Saved data entries
BEGIN

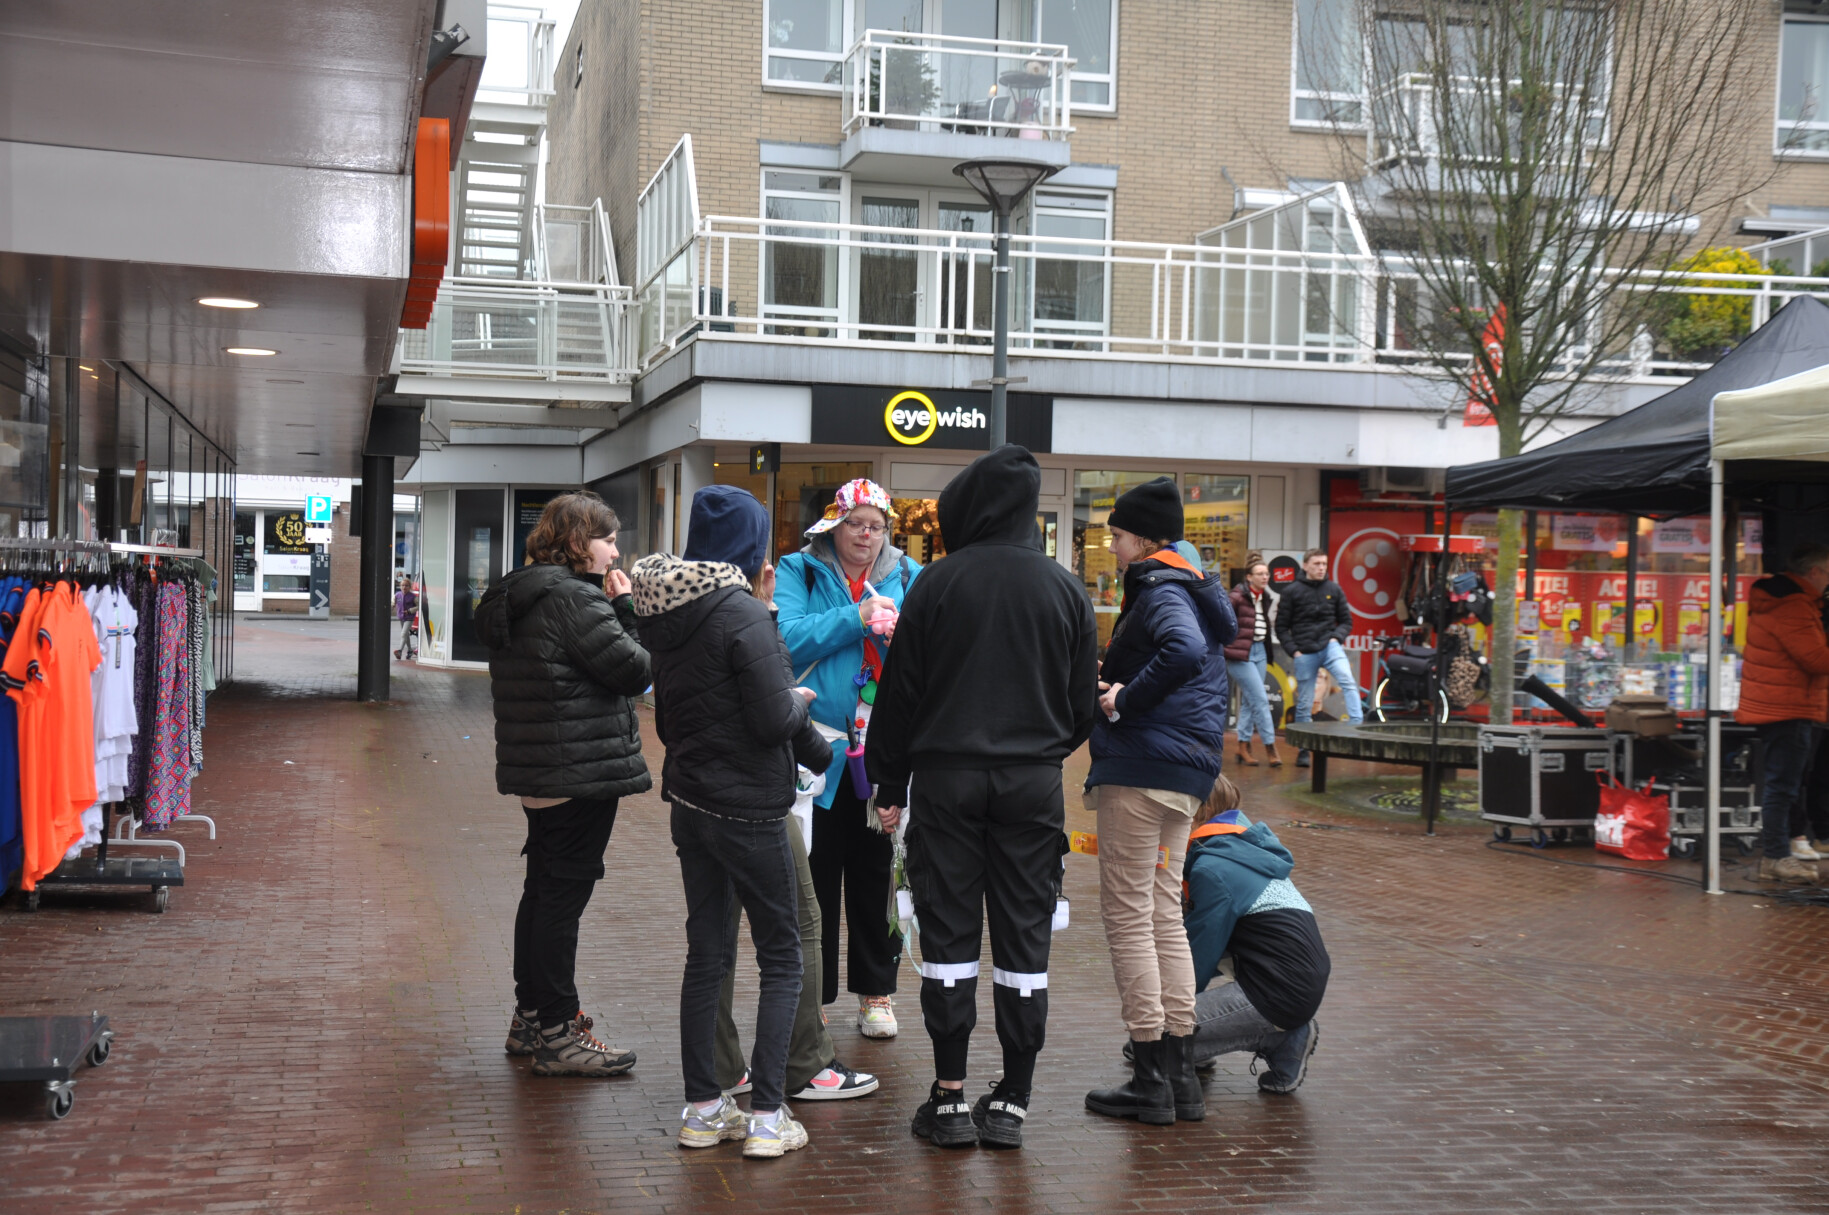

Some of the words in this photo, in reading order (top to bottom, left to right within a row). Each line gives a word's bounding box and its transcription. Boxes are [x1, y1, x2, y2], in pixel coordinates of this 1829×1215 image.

[891, 408, 930, 431] eye
[936, 406, 986, 429] wish
[311, 498, 327, 519] P
[286, 521, 303, 532] 50
[1598, 579, 1658, 598] ACIE!
[937, 1104, 955, 1115] STEVE
[989, 1101, 1005, 1111] STEVE

END

→ **YOUR ASSIGNMENT**
The data must come back word for word, with every picture removed.

→ **EXPECTED ANSWER**
Some of the words in this photo, in reading order (top to bottom, left to right within a row). Each line gives a word's bounding box and its transcription. Boxes are [x1, y1, x2, y2], in pixel coordinates of this 1829×1215 image.

[891, 408, 930, 431] eye
[936, 406, 986, 429] wish
[311, 498, 327, 519] P
[286, 521, 303, 532] 50
[1598, 579, 1658, 598] ACIE!
[937, 1104, 955, 1115] STEVE
[989, 1101, 1005, 1111] STEVE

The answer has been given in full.